_REQUIREMENT_
Every record below must be written out exactly. Leave out the pictures.

--- PROVIDED MATERIAL Enclosed Below ---

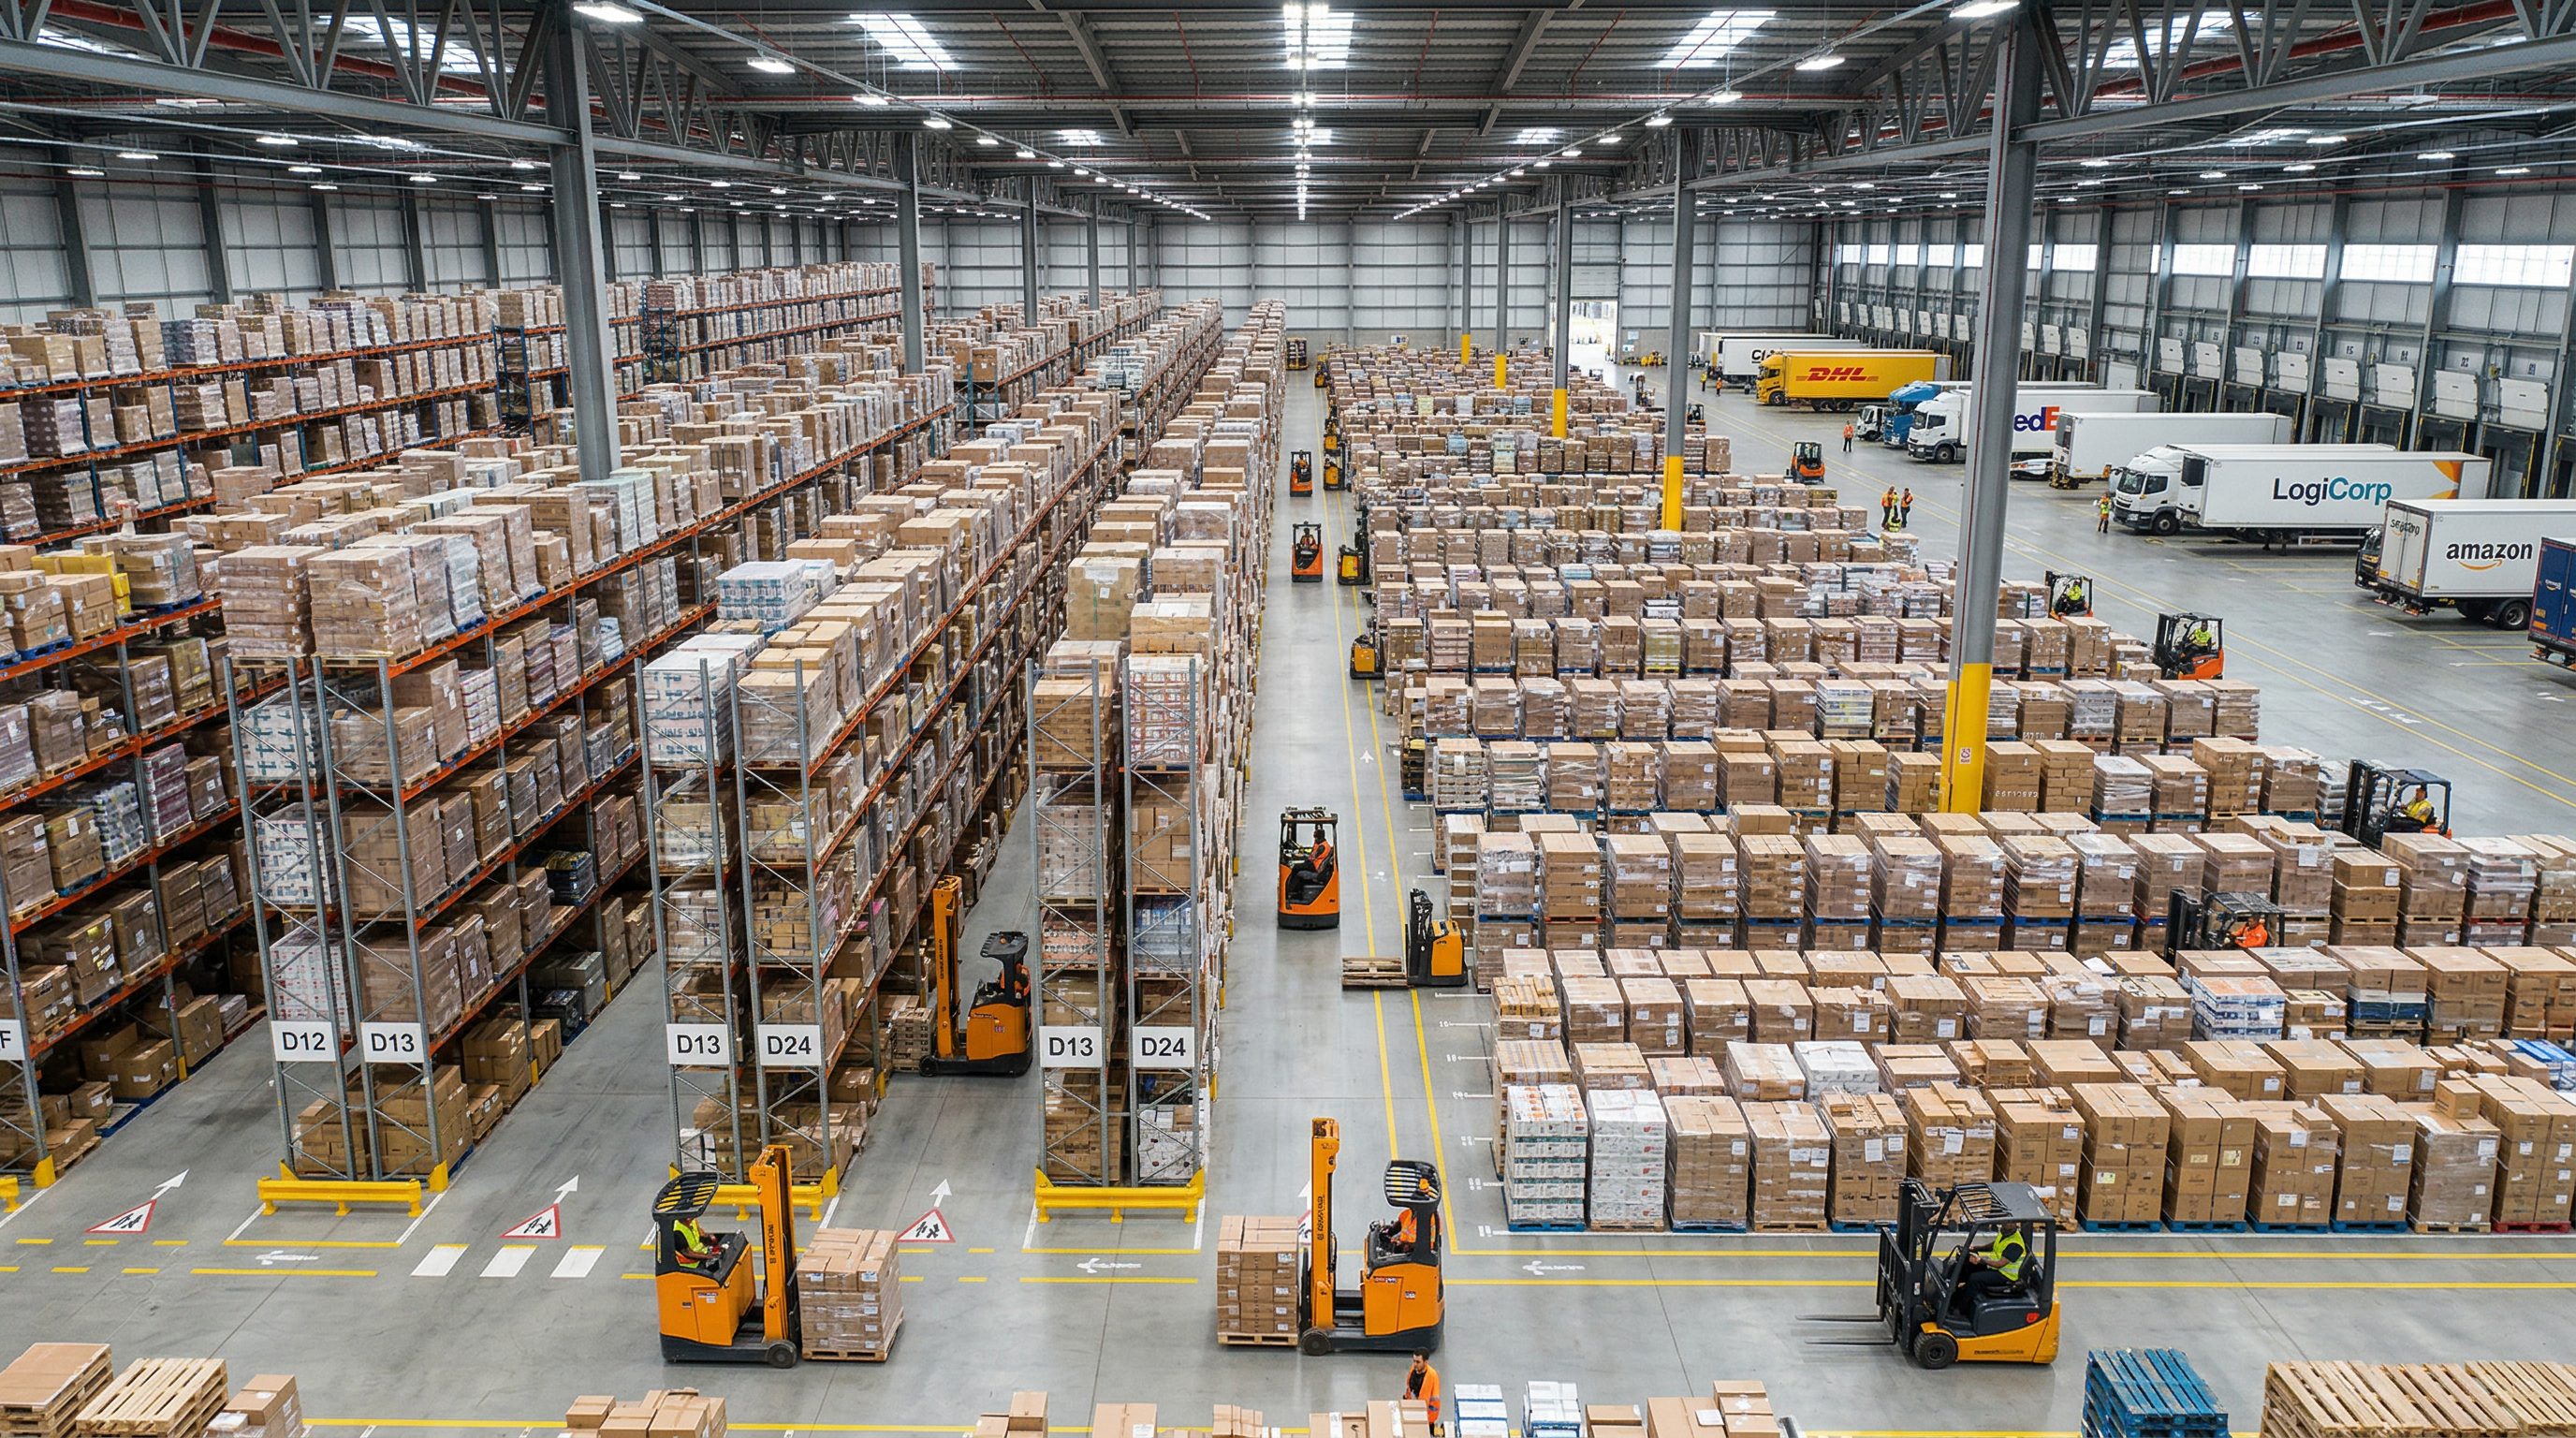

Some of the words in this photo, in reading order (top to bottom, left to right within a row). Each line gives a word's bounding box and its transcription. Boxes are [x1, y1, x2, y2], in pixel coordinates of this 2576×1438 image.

[1808, 367, 1867, 382] DHL
[2013, 406, 2060, 432] edE
[2273, 477, 2393, 506] LogiCorp
[2446, 543, 2533, 560] amazon
[282, 1032, 326, 1050] D12
[371, 1033, 415, 1052] D13
[677, 1034, 721, 1054] D13
[767, 1035, 812, 1055] D24
[1048, 1036, 1093, 1057] D13
[1141, 1036, 1186, 1057] D24
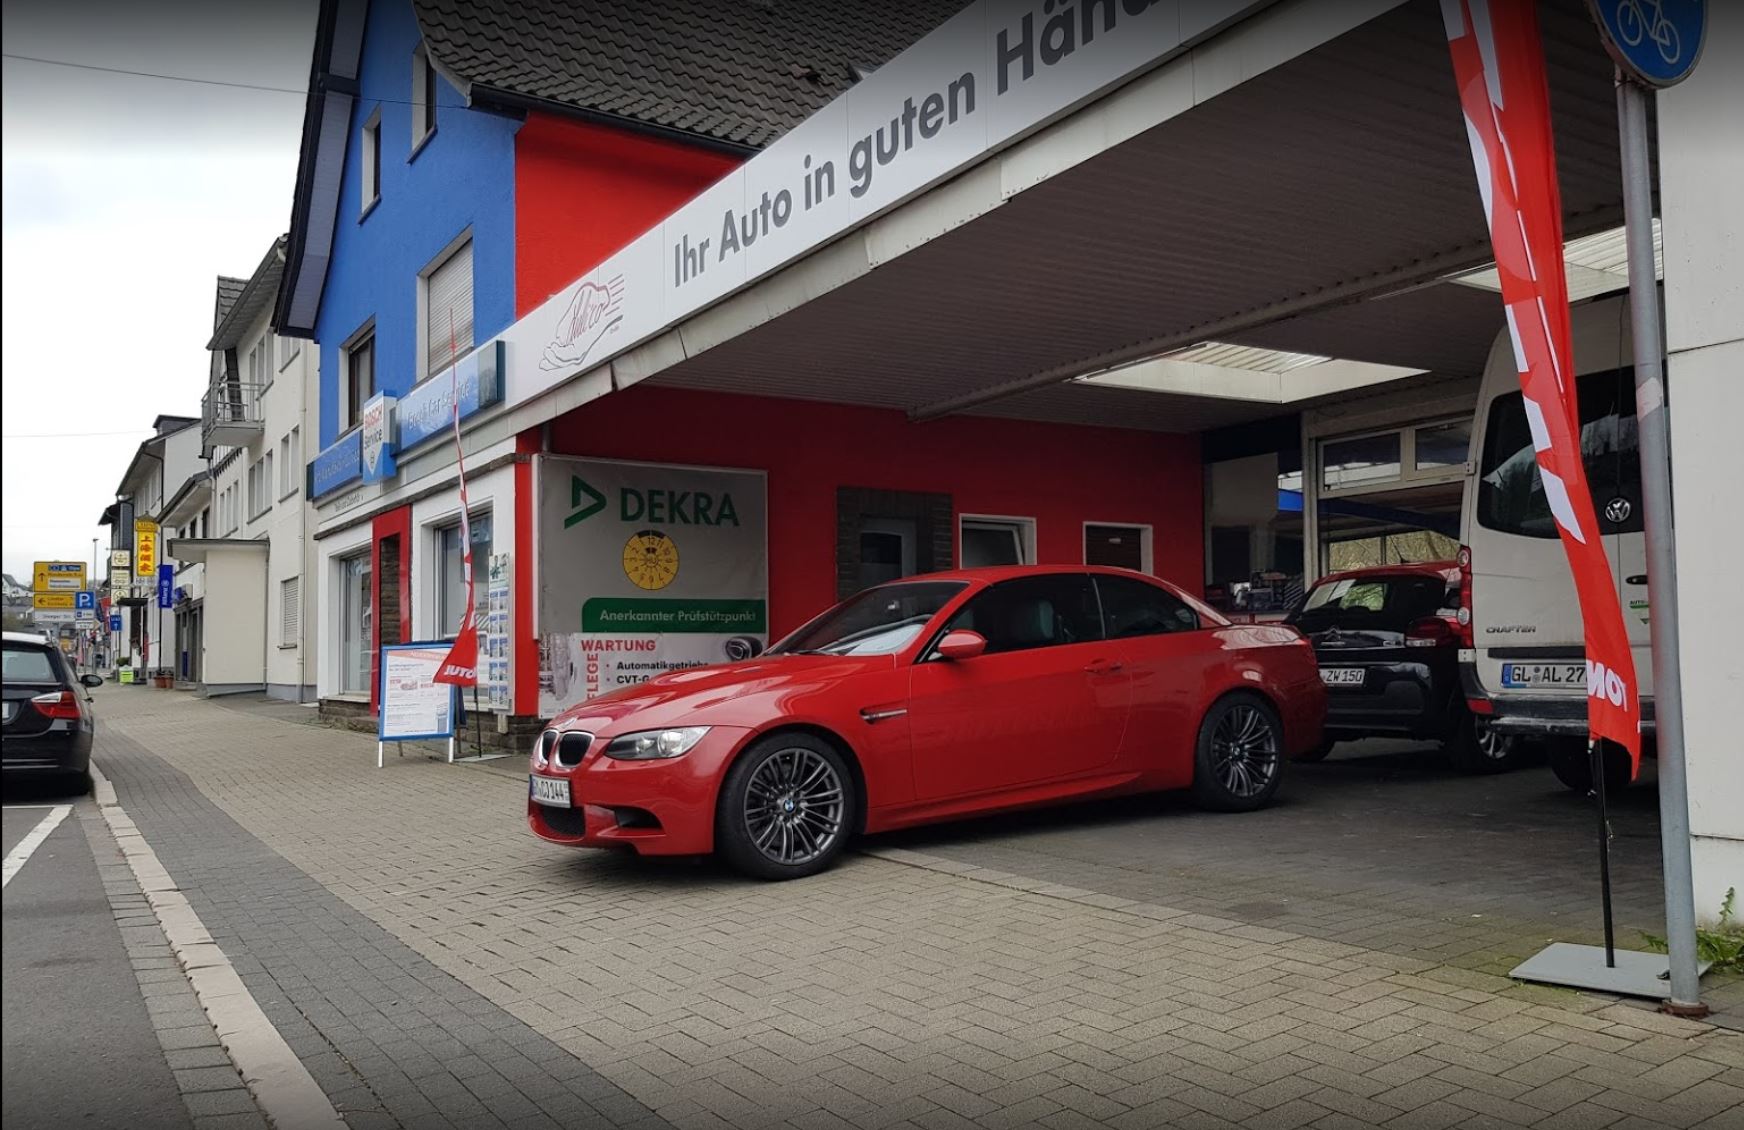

--- End of Enclosed PROVIDED MATERIAL ---

_ANSWER FOR THIS EXERCISE_
Some of the words in this photo, in reading order (top to bottom, left to right within a row). Each line gives a word's bounding box and its transcription. Boxes are [x1, y1, x2, y2], in pixel coordinates of this 2576×1438 image.

[1808, 367, 1867, 382] DHL
[2013, 406, 2060, 432] edE
[2273, 477, 2393, 506] LogiCorp
[2446, 543, 2533, 560] amazon
[282, 1032, 326, 1050] D12
[371, 1033, 415, 1052] D13
[677, 1034, 721, 1054] D13
[767, 1035, 812, 1055] D24
[1048, 1036, 1093, 1057] D13
[1141, 1036, 1186, 1057] D24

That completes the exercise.